ブータンの首都ティンプーでのワークショップを実行するべく現地に滞在するアーティスト五十嵐靖晃と北澤潤の日記。

2011年4月8日金曜日

7,8日目 北澤潤

2011331日 41

 

 残りの数日間は、《School of Sky》が終わった余韻のなかで過ごした。そしてブータンとの関係はこれからも続くことを理解する日々となった。

 

 日比野さんと五十嵐さんと三人で、首都ティンプーの各所を訪ねまわる。62mの大仏をみたり、伝統的な美術学校を訪問したりという観光的な動きと同時に、大学でのレクチャーや政府の要人とのミーティングをおこなった。ブータンの偉い人たちにひたすら会いまくってきた。なぜかというと、日比野さんが日本とブータンの観光大使であるということを切り口に、ブータンにおけるアートプロジェクトを将来的に仕掛けていくことを企図しているからである。

 

ブータンの人と話していると日本人とブータン人はとてもよく似ていると言われる。私もそう思う。五十嵐さんはチベット、私はデュパと言われる。大きく5つの地域に別れ言語も異なるブータンのなかで五十嵐さんは北の方のチベット由来の民族、私は中央のブータン古来の民族に顔が似ていると言うわけだ。ブータンを現場とした活動とともに、ブータンと日本を繋げる活動にも可能性はあるだろう。民族の距離を超えた類似性の探求、経済発展の果てのような日本列島といままさに発展と伝統の狭間に立たされているブータンの比較。

 

ブータンには舗装された道路はまだまだすくない、橋もすくない、トイレは全てバケツの水を桶を使い自分で流す。こういった状況をひとつひとつ改善していこうとしている。要するに「次の生活」をつくろうとしているのだ。我々のもつブータンに対するイメージのひとつであるGNH(国民総幸福量)という概念が、人間の幸福とは何か、という問いを発する基準であると外部は思うが、直接会った観光局の長官や外務大臣の言葉からは特にそう伺い知ることはなかった。生活を整え発展させていく、日本は他国より急激に発展したのでお手本だ、と言う訳だ。

 

31日にあった観光局長は日本でのブータンの認知度をあげてほしいと言う。観光がおおきな産業であるブータンにとって、米国に次いで観光客の多い日本は重要な国であることに間違いはない。外資も重要であるので、ブータンに投資してもらうために認知度はとても重要だと語る。

 

この国のもつ日常の美しさを失ったらきっと観光もなにもなくなるだろう。都市化しつつある首都ティンプーはすでに旅人の理想を大きく裏切る様相である。もっとブータン古来の日常性を尊重した観光政策が必要とされるだろうと日比野さんが観光局長のワンゲさんに伝える。そしてここでアートの力を使えないか、ということなのである。国の観光を左右する規模の大きな物語だ。

 

簡単に整理すると、ブータンの日常生活がもつ豊かさを観光客は求める、それなのに局長のいう松茸祭り等のコンサル的イベントはなかなか悲惨である。ただ日常生活を見せようというのもまた難しい。家を皆でつくる姿が面白いので観光資源にしようとすると観光化された文化に一気に置換されてしまう。観光客が来たから一生懸命家をつくり、いない時はつくらないといった目的不純な観光文化が創出されてしまう。これは観光客と土地があまりに表面的な接点しか持たないという前提が大きな問題となっているだろう。記念写真とか、ガイドの説明を聞くとかいう単純な接点。

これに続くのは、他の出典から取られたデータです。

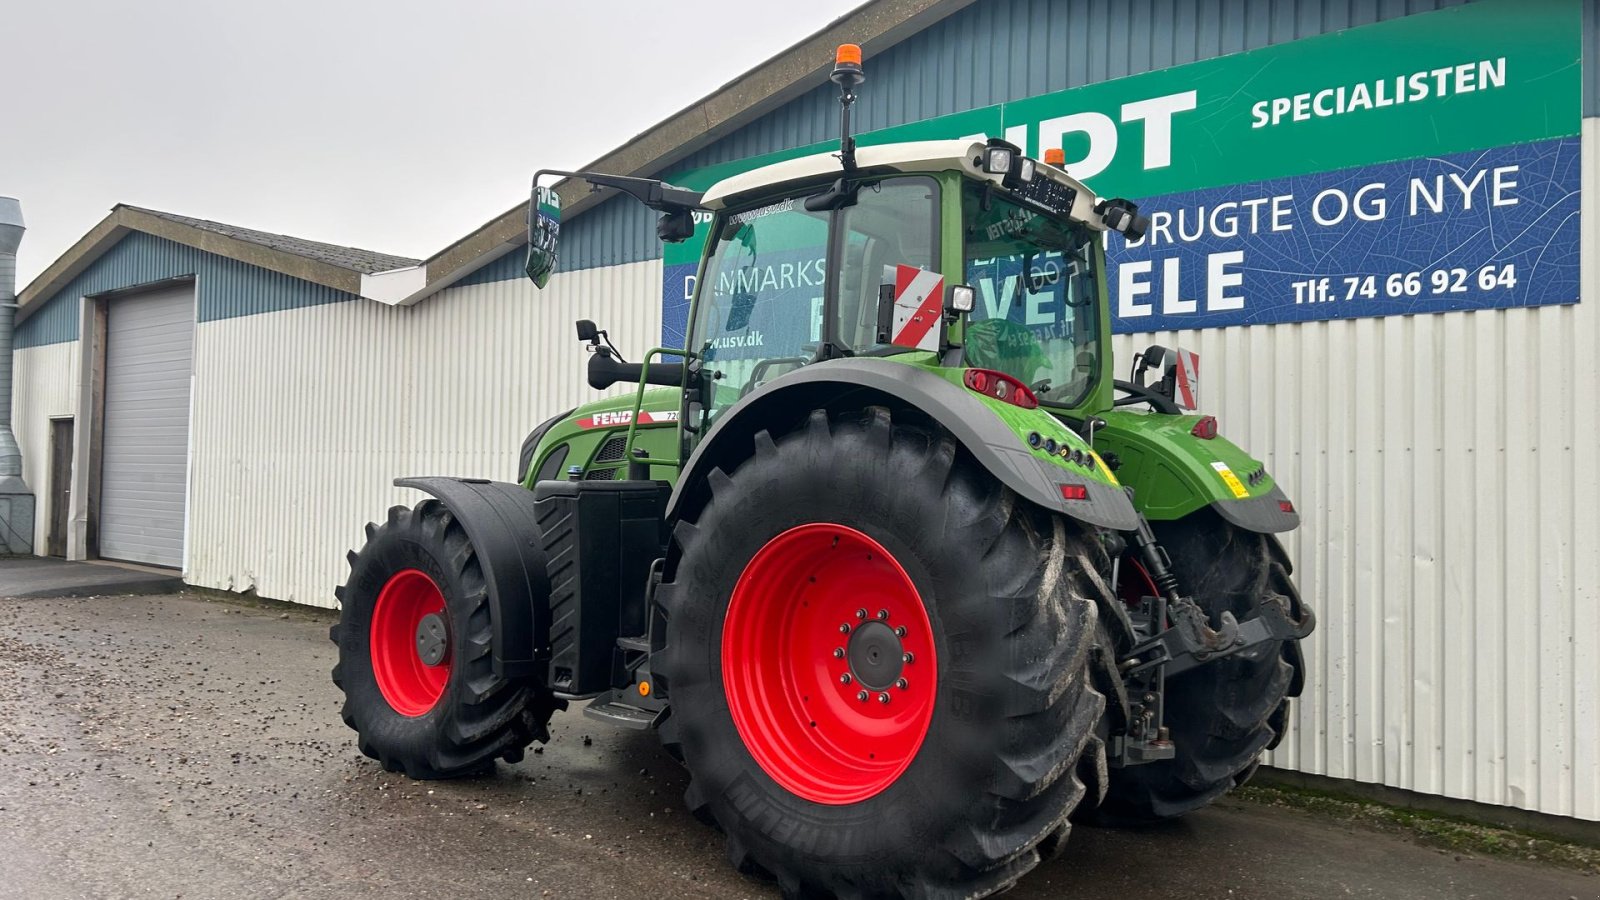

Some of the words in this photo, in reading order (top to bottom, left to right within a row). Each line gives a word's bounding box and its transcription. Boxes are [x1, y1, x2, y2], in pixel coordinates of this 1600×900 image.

[1251, 57, 1507, 128] SPECIALISTEN
[683, 257, 826, 299] DNMARKS
[1311, 182, 1387, 227] OG
[1409, 164, 1521, 217] NYE
[1291, 281, 1337, 305] Tlf.
[1344, 275, 1378, 301] 74
[1385, 272, 1422, 298] 66
[1430, 267, 1467, 294] 92
[1478, 264, 1517, 290] 64
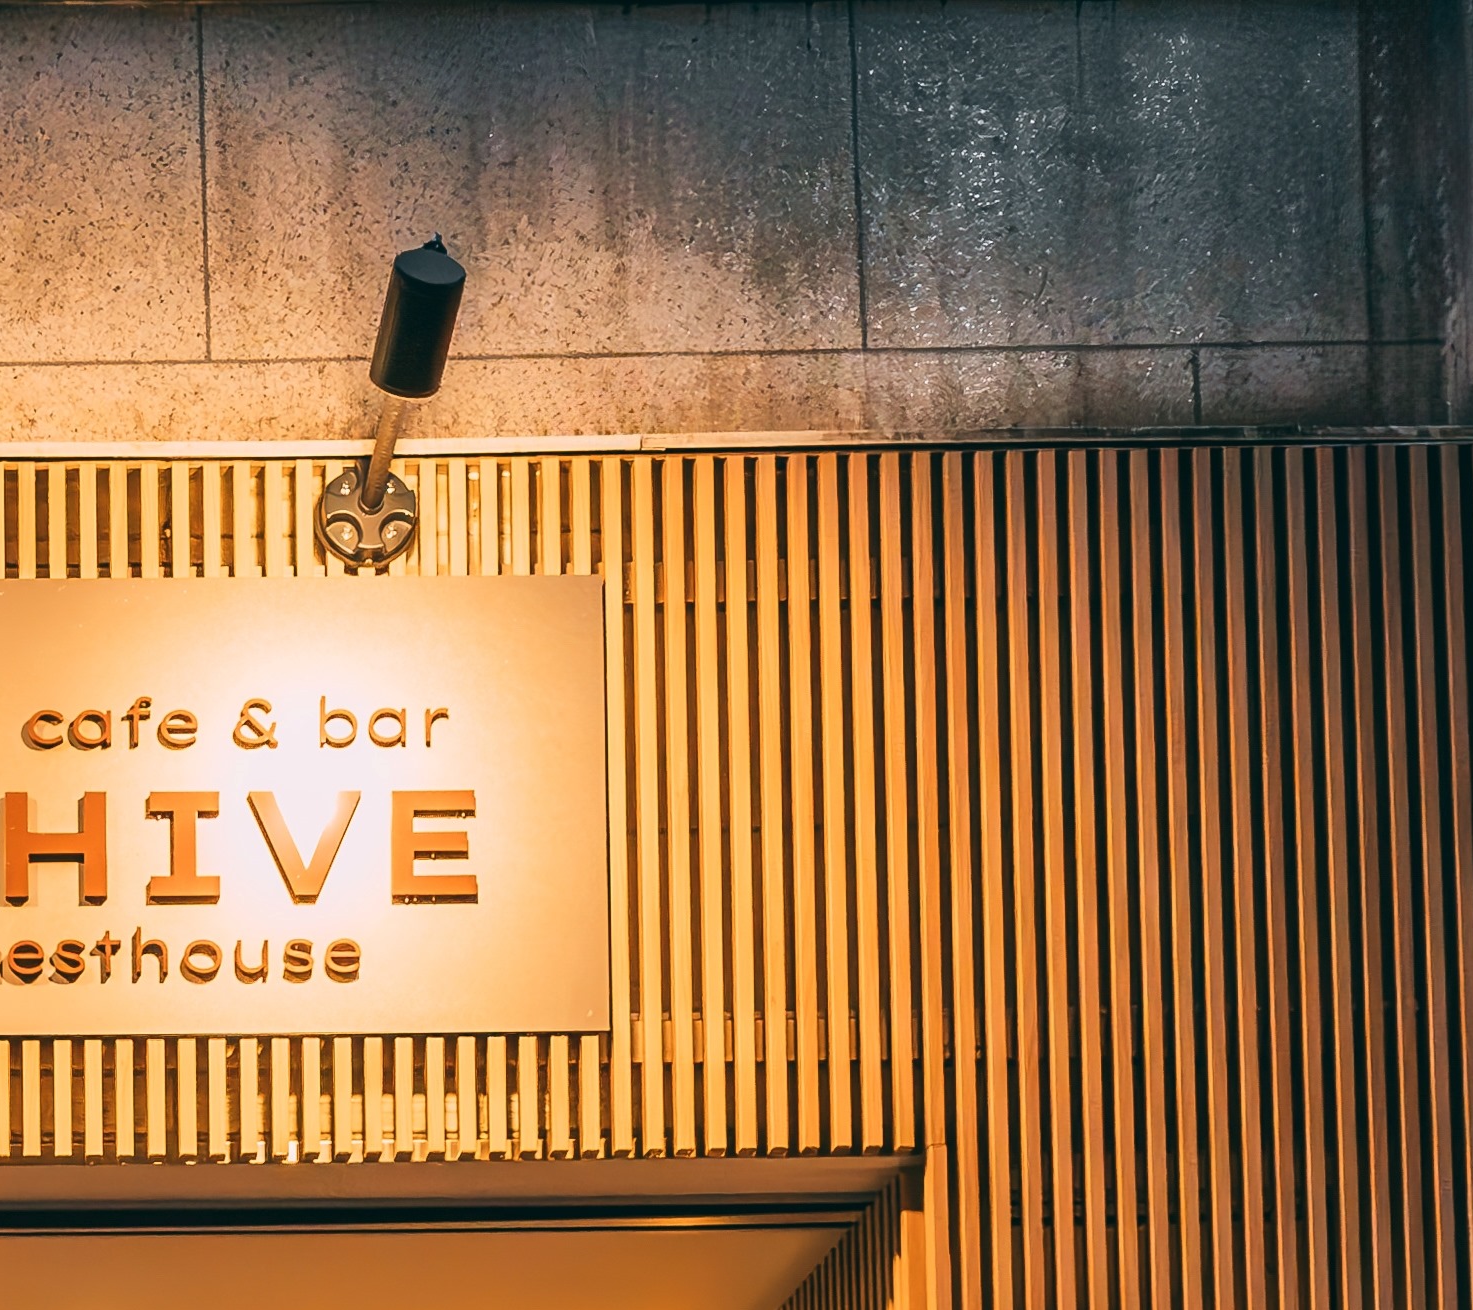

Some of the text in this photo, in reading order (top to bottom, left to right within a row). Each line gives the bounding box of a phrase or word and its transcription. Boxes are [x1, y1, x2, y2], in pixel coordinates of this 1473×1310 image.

[24, 696, 449, 750] cafe & bar
[3, 790, 479, 906] HIVE

そこで地域と余所者の関係性を絶妙に複雑化する可能性をもつアートプロジェクトはどうかということだ。日本での認知度アップ、観光人口の増加、経済発展といった行政的条件とどう付き合うかが難しい。

 

このまだ特に決まっていない壮大な計画を、数ある条件とすりあわせてつくっていくことになるのか。今回の滞在と《School of Sky》は、最初の事例をつくるという目的をもっていたわけだ。BBSの波及力はすごいので放送でかなりの人がその事例を知っただろう。

 

Druk Schoolでのとても近い関係性、そこから、国と国の関係性まで。どちらも同時にうまく構築するにはどうするのが面白いか。そんな思案を、大臣との会食や、観光、夜中のブータンビールやピーナッツマサラをつまみながら考えていた。